[Saved entries]

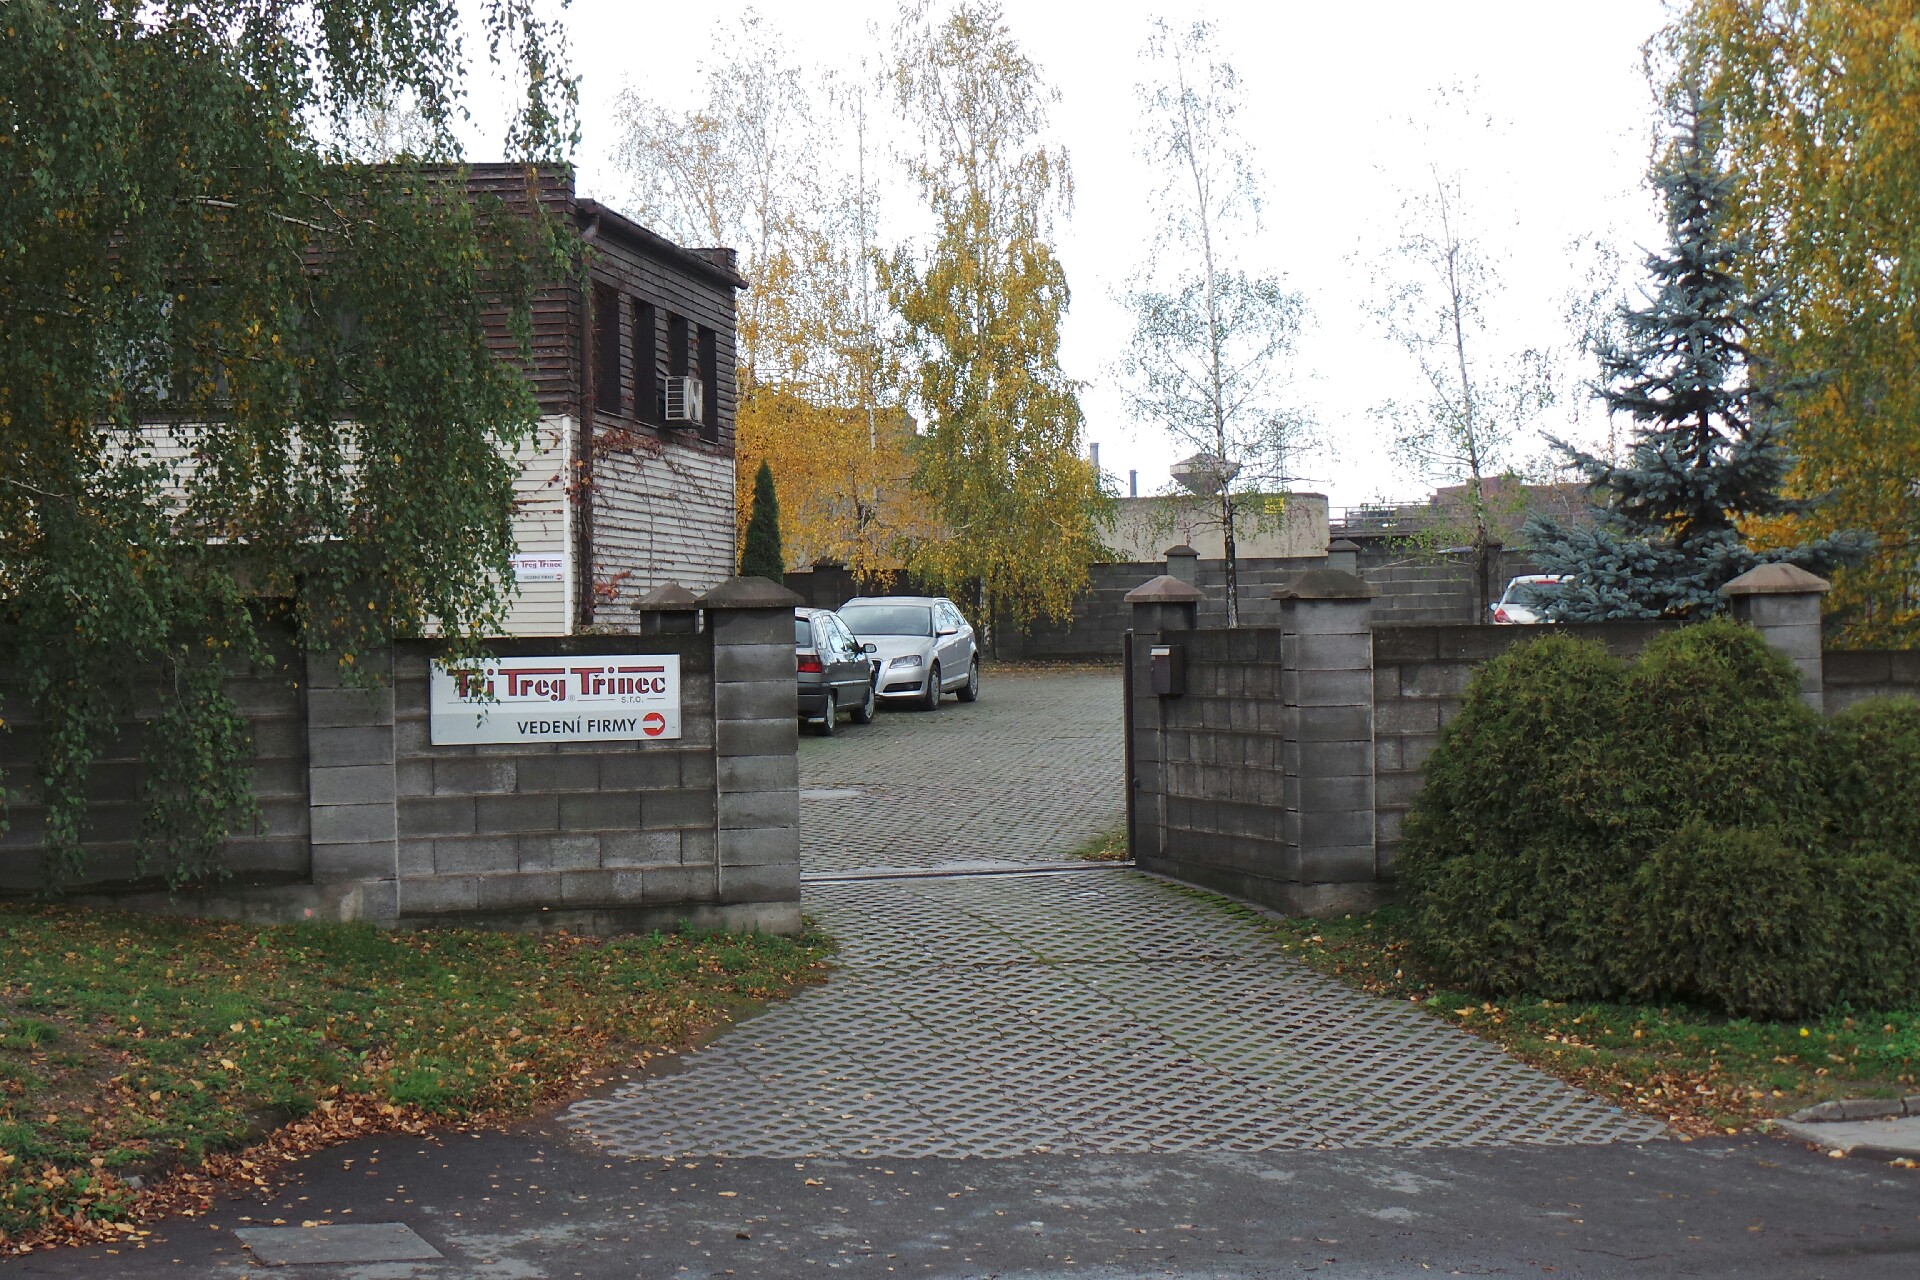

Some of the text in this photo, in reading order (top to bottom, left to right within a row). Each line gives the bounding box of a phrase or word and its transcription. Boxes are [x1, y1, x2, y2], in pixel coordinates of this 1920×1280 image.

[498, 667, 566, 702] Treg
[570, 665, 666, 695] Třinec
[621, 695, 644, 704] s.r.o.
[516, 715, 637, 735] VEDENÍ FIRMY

THE TASK - Provide an exact copy of the records, excluding every picture.

REPLY -
Some of the text in this photo, in reading order (top to bottom, left to right within a row). Each line gives the bounding box of a phrase or word and its transcription. Boxes are [x1, y1, x2, y2], in pixel coordinates of this 1920×1280 image.

[498, 667, 566, 702] Treg
[570, 665, 666, 695] Třinec
[621, 695, 644, 704] s.r.o.
[516, 715, 637, 735] VEDENÍ FIRMY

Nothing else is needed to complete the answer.